自然と人との共生を目指すセルフケアブランド「ura」。

 「漁業」と聞いてみなさんが想像するものは? 男社会? 重労働? 天候との戦い? 漁業に限らず、第一次産業に携わる人は男性のイメージが強い、という人も多いかもしれない。体力や腕力が必要な作業では、男性がより活躍できる場面が多いこともあるだろう。そのような中、大学卒業後に漁業に触れ、「もっと海の仕事がしたい!」と、神奈川から岩手に移住した一人の女性がいる。今年5月、自然と人が寄り添う暮らしを目指すライフスタイルブランド「ura」を立ち上げた三浦尚子(みうら・ひさこ)さん(31)だ。

ワカメの生産者でuraを立ち上げた三浦尚子さん。
ワカメの生産者でuraを立ち上げた三浦尚子さん。

 なぜ、都会育ちの女性が漁業を? 生産者として三浦さんが目指すものは? 岩手県陸前高田市で、9割生産者・1割編集者として暮らす三浦さんに話をうかがった。

四季の移ろいに惹かれて

 三浦さんが初めてワカメの作業を行ったのは23歳の時。ゼミの活動で以前から交流があった漁師が人手を探していて、1カ月間のアルバイトとして初日から漁船に乗り込んだ。細かい説明はほとんどなく、見よう見まねの作業。早朝からの仕事は驚きの連続だったという。ワカメを刈り取り、ゆでて塩漬けにするという一連の作業。「いきなり船に乗って大丈夫?」「(作業で忙しいけど、初対面の人に)あいさつはすべき?」「緑だと思っていたけど、海にあるワカメは茶色なんだ」何もかもが新鮮だった。
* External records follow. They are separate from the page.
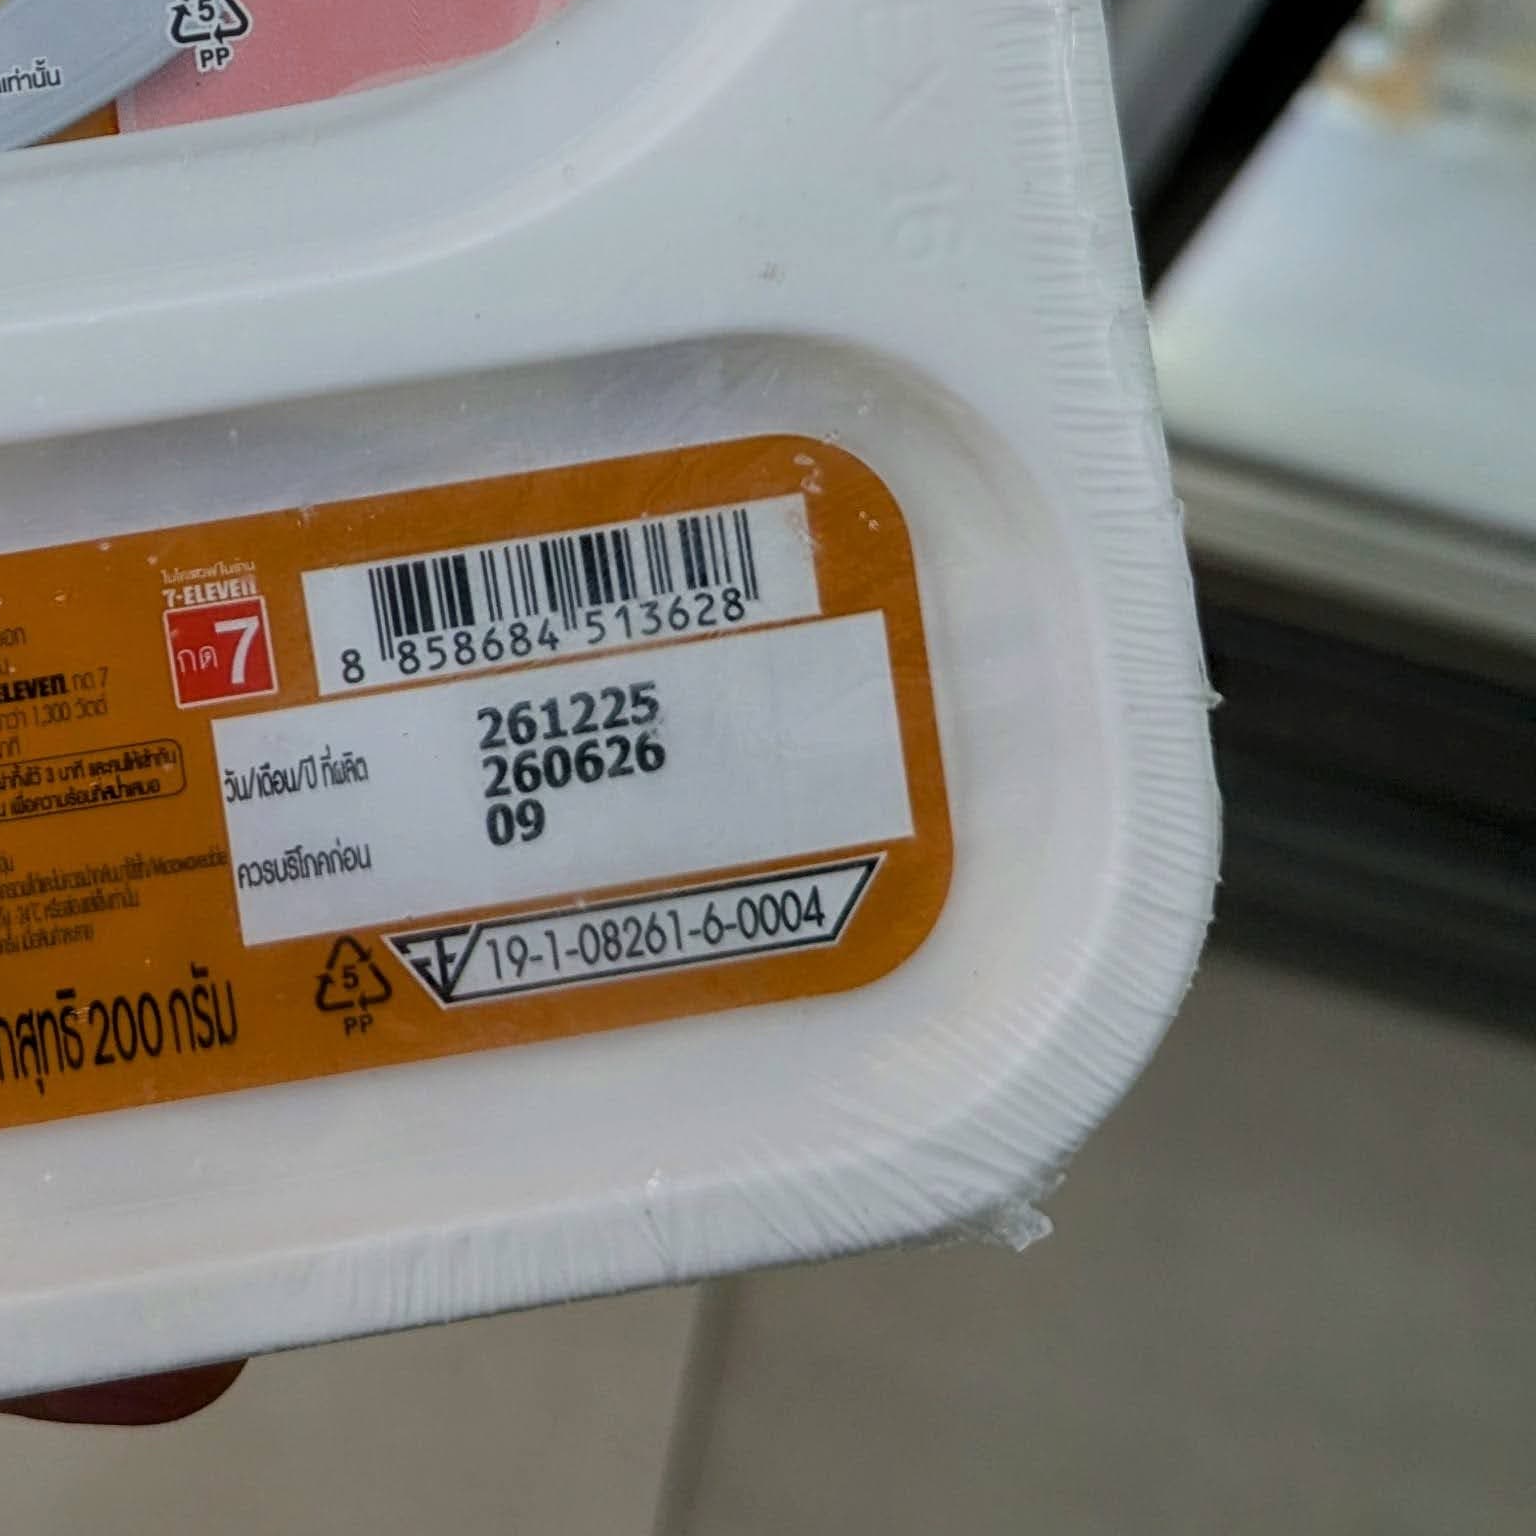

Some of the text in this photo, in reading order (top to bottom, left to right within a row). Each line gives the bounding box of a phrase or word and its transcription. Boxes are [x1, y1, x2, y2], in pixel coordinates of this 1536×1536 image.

[200, 47, 230, 68] PP
[215, 616, 259, 684] 7
[341, 585, 747, 684] 8 858684 513628
[479, 681, 658, 749] 261225
[483, 731, 666, 797] 260626
[486, 799, 545, 846] 09
[487, 887, 826, 978] 19-1-08261-6-0004
[90, 993, 163, 1065] 200
[170, 962, 239, 1053] กรัม
[341, 1010, 378, 1037] PP
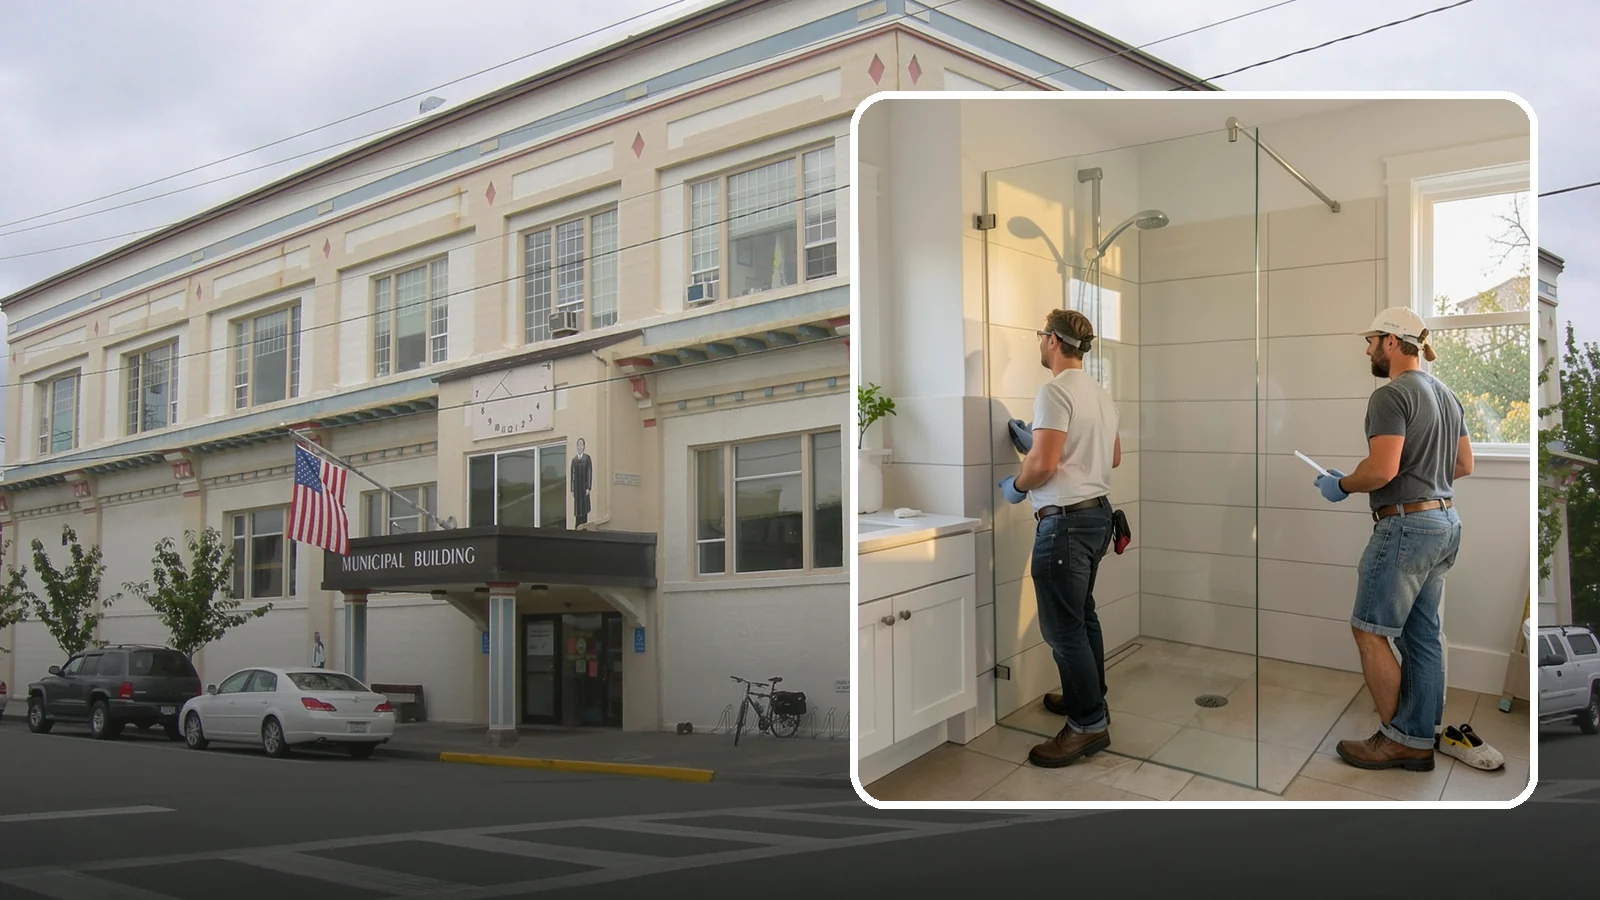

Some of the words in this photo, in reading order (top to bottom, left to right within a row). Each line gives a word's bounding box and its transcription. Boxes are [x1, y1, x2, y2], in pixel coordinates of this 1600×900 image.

[475, 390, 479, 398] 7
[480, 406, 485, 415] 8
[536, 402, 540, 410] 4
[487, 417, 493, 426] 9
[528, 413, 533, 422] 3
[494, 423, 501, 432] 10
[521, 420, 526, 428] 2
[507, 425, 514, 433] 12
[342, 552, 405, 572] MUNICIPAL
[414, 546, 476, 567] BUILDING
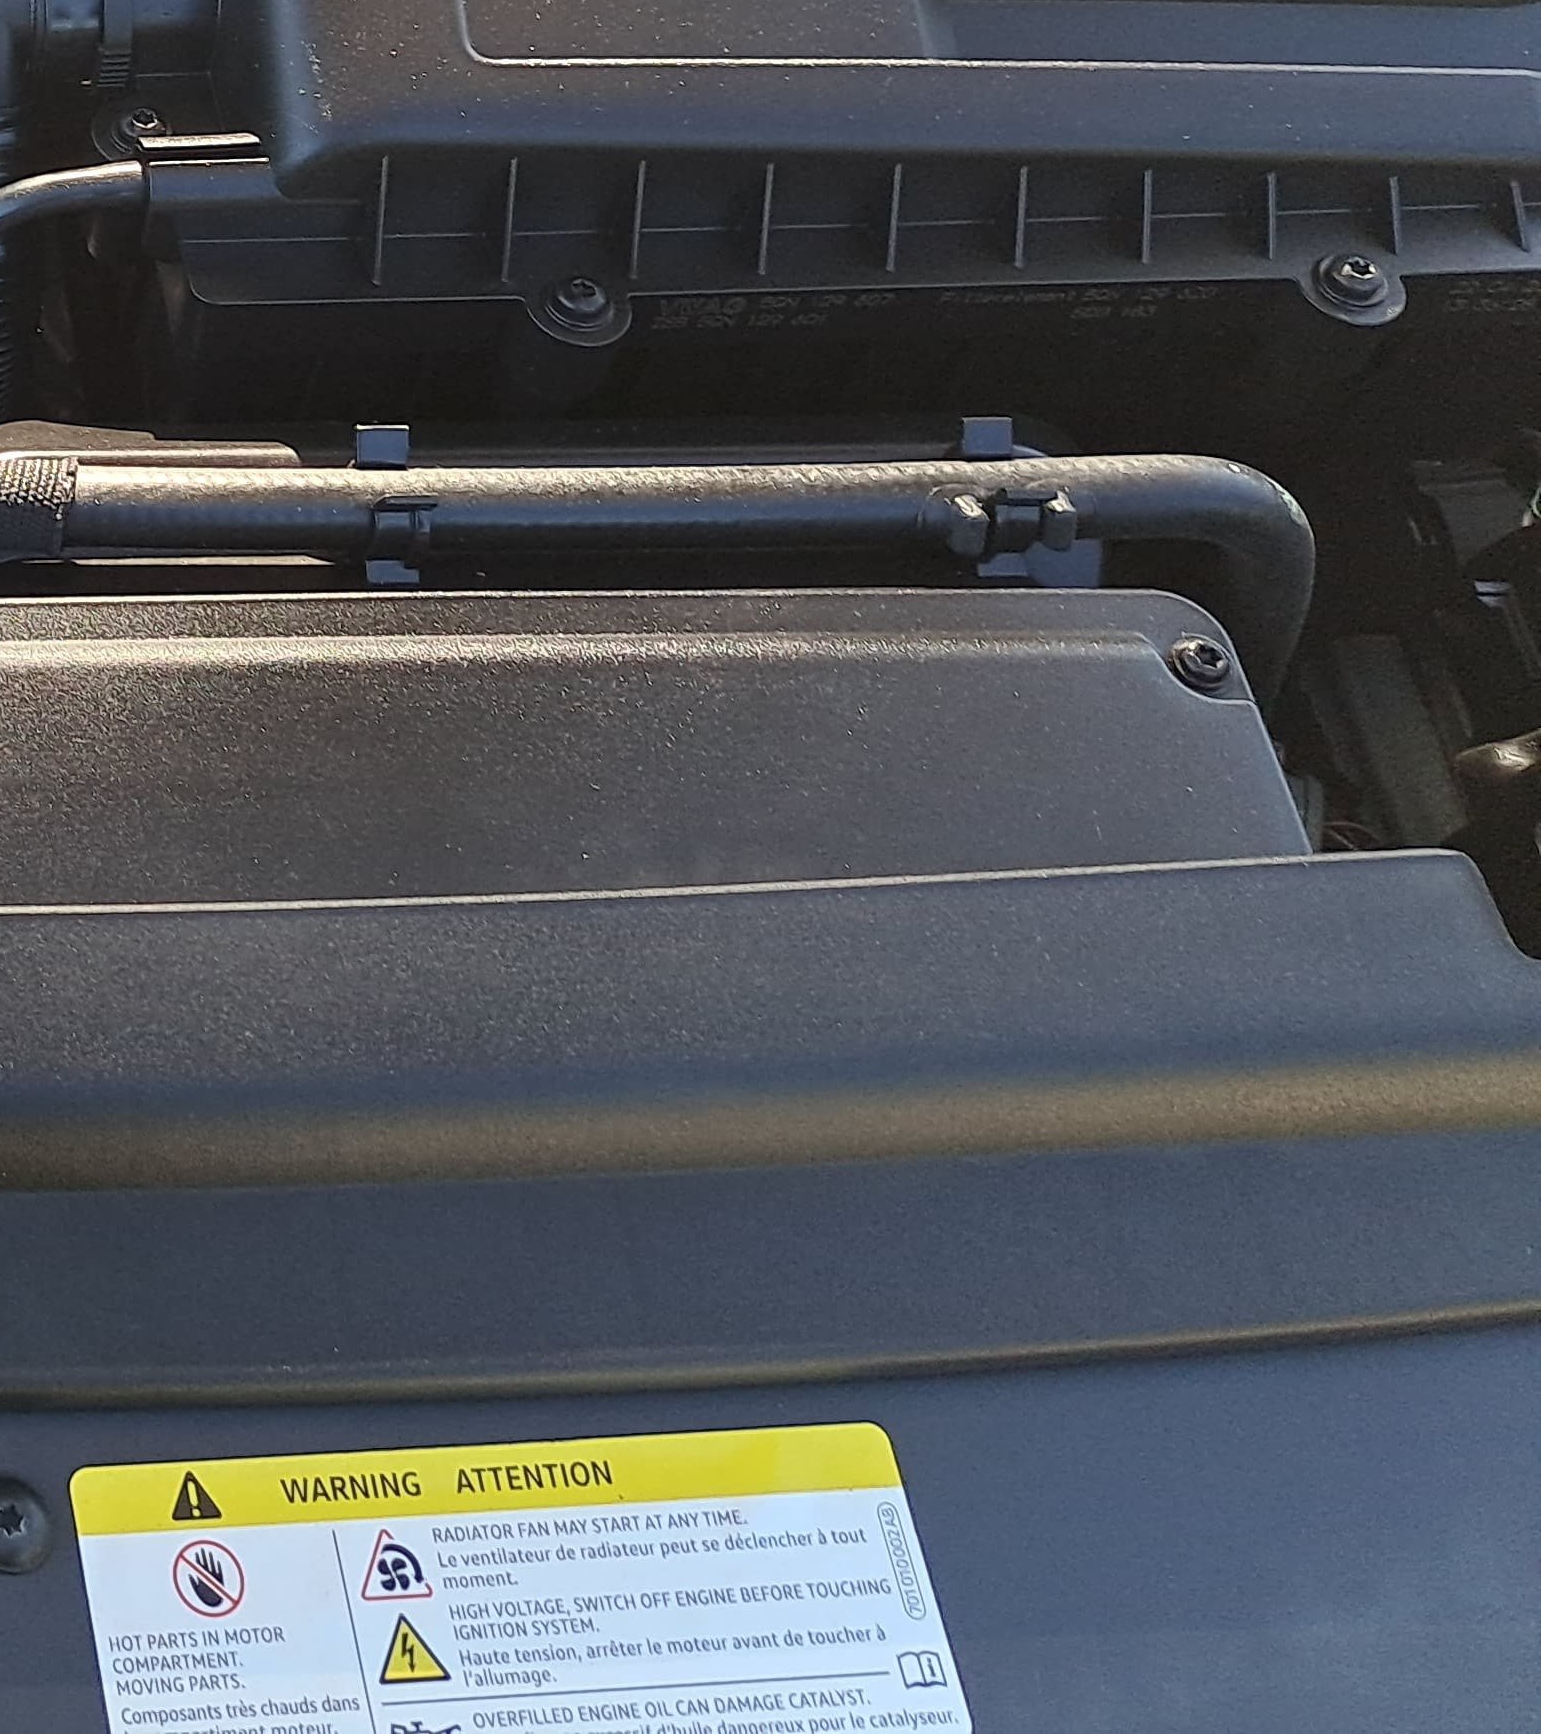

そして、船の上では黙々と作業に打ち込む漁師たちも、仕事が終わるといろいろと話しかけてくれた。「『(大学では)何をしてたの?』と聞いてくれたり、夕飯をごちそうになったりした」と三浦さんは話す。

カキの作業をする三浦さん(右)ら。
カキの作業をする三浦さん(右)ら。

 大学で国際協力などを学んだ神奈川育ちの女性が、突然、漁師たちの仲間入りをするだけでも衝撃。しかし、さらにびっくりすることには、三浦さんは一旦実家に戻った後、翌月には陸前高田市へ移住している。三浦さんは、「1カ月間は大変だったけど、すごく楽しかった。そして、毎日見ていた海が見られなくなるのは寂しいと考えていたら、帰りの新幹線の中で泣きそうになった」と振り返る。ワカメ漁が終わると次はカキのシーズンに入る。「もっと(海の)仕事のことを知りたい」「もう少し(陸前高田に)いたい」気付くと、陸前高田の“海の人”になっていた。

自然と人との共生を目指して

 「自然の変化を感じることができるのがおもしろい」と今の生活を語る。「(海は)毎日違う色をしている。風が吹く・雨が降るというだけで全然違う。実家にいたころは思わなかった。ここ(陸前高田)に来て、季節の移り変わりを感じるようになったのはとても豊かなこと」と漁業の魅力を説明する。陸前高田の生活と自然が、自分にとっての癒やしになっている三浦さん。だからこそ、お世話になった人々やその自然に恩返しがしたいのだという。

ワカメエキスを使用しているのがuraの特徴。
ワカメエキスを使用しているのがuraの特徴。

 三浦さんは従業員としてワカメ・カキの養殖に携わる一方、2020年には独立してワカメの養殖を開始。SNSなどを通して自分の経験を伝えることで、漁業についてもっと知ってもらい、漁業のハードルを下げることができればと考えている。5月に立ち上げたライフスタイルブランド「ura」も、自然の循環や環境について多くの人が考えるきっかけになればと願っている。その詳細についてpart2でお伝えする。

M.O.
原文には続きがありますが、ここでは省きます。